No problem. Switch to "Climate Change™" and blame it for last year's seven million acres of U.S. wildfires, while crossing your fingers that nobody recalls the nearly 22 million acres burned in 1937.

 

When objective, unbiased observers examine the issue, they find no end to disingenuous imagery and misleading narratives. Case in point: media don't use clear, midday photos of coal-fired power plants, they instead show views taken at sunset or sunrise where the always-backlit harmless steam emissions resemble sinister pollution clouds. News reports imply the colorless carbon dioxide in the steam is a pollutant, despite the fact that commercial greenhouse growers pump CO2 into their buildings to help their plants and flowers grow bigger and faster. Beyond that, news outlets simplify the name of that odorless, colorless trace gas as "carbon pollution," evoking mental images of smokey black soot.

 

If the public is not being presented with accurate depictions of just those few items, how many others are misrepresented?

 

Massachusetts Institute of Technology scientist Dr. Richard Lindzen authored a 2008 paper titled "Climate Science: Is it currently designed to answer questions?" A simple answer: no, it is not. Despite widespread talking points about too much "equal time" in news reporting being given to skeptic scientists like Lindzen, news outlets such as the “PBS NewsHour” have never once had a skeptic scientist on the program over the last 25 years to dispute what was said during 97 appearances of scientists associated with the Intergovernmental Panel on Climate Change, NASA, and the National Oceanic and Atmospheric Administration.

 

The public is largely unaware of how climate experts question the notion of global warming: temperature data-gathering methodology/ocean 'acidity’/polar bear populations/glacial retreat/the 'scientific consensus'/sea levels/weather intensity, on and on. At one climate conference I attended, when banquet workers were clearing away dishes, one of the remaining audience members asked a worker if she had listened to the skeptic’s presentation. She loudly proclaimed, "I've never heard any of this before!!"

 

Accusations of corruption by oil companies have played a major part in keeping the issue alive for 30 years now.
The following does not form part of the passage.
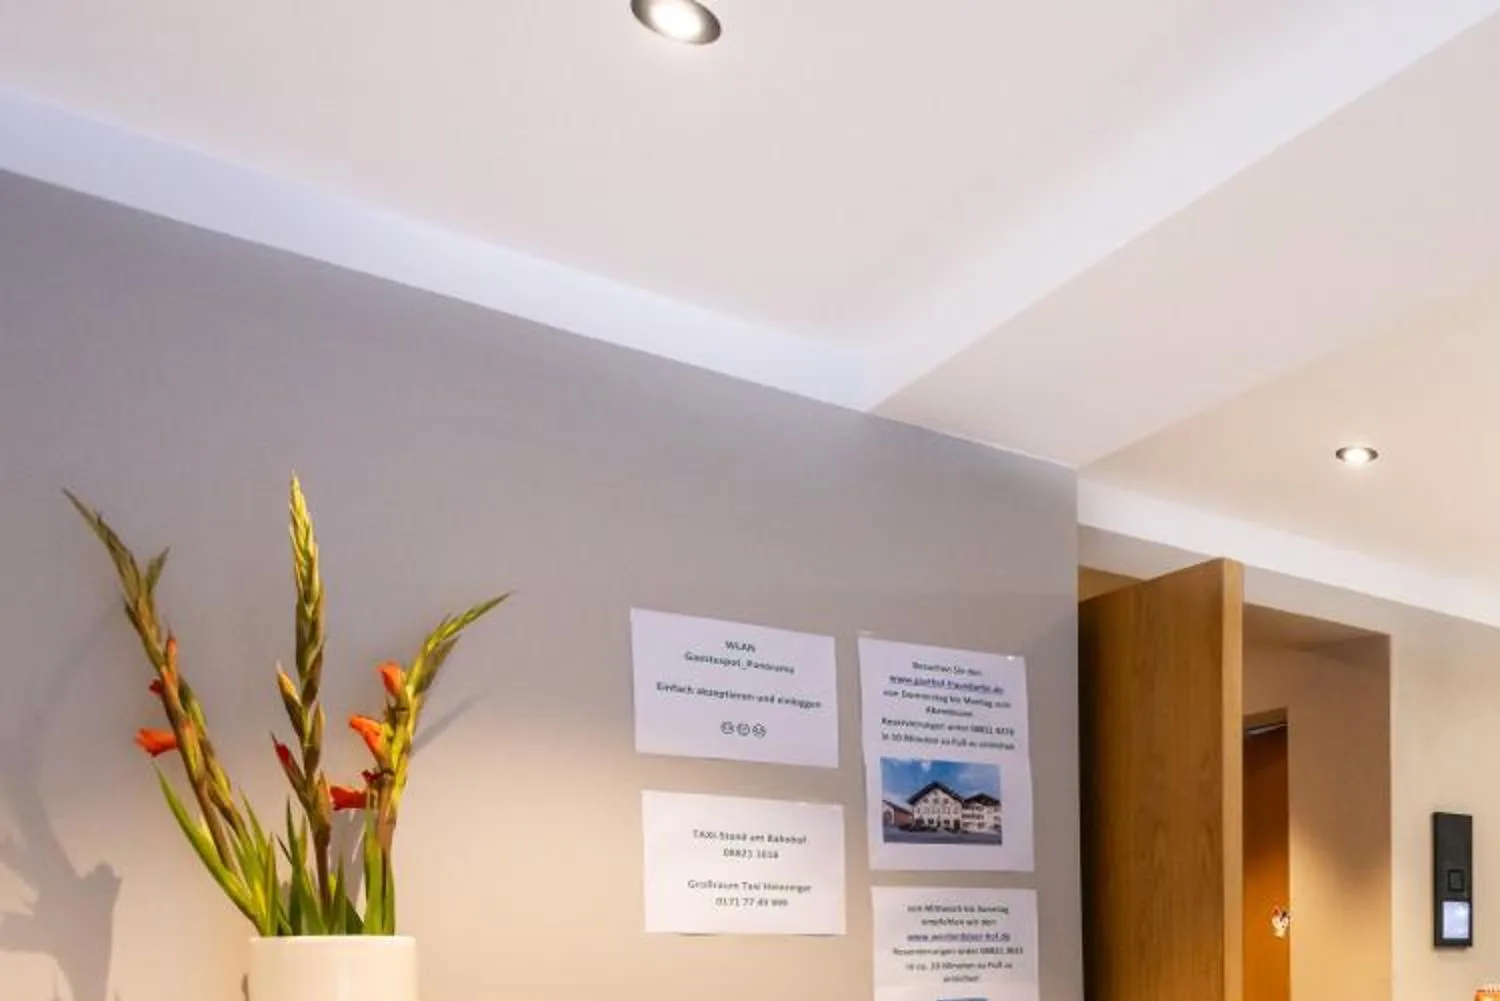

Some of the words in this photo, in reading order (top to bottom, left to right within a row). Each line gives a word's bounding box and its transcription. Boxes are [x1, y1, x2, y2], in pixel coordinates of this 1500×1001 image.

Its specific claim is that “leaked industry memos” proves the fossil-fuel industry paid skeptic scientists to "reposition global warming as theory rather than fact." Those “leaked memos” were first floated as evidence by environmentalists in June 1991, and the "reposition" strategy goal was most famously spelled out on the full screen in Al Gore's movie, in an apples and oranges comparison to a leaked tobacco industry document. This same supposedly sinister set of leaked memos is the cornerstone evidence for disinformation campaign accusations in most of the "Exxon Knew"-style global warming damages lawsuits (e.g. City of Hoboken, NJ v Exxon), and this same memo set was once again cited in a November 2021 UK Guardian article about oil industry disinformation campaigns, where the article went so far as to additionally post scratchy copies of newspaper ads that supposedly accompanied the 'disinformation campaign'… but it turns out that those ads were never used in the genuine campaign, which was a short-lived public relations effort to tell the public what Al Gore and the IPCC wasn't telling them.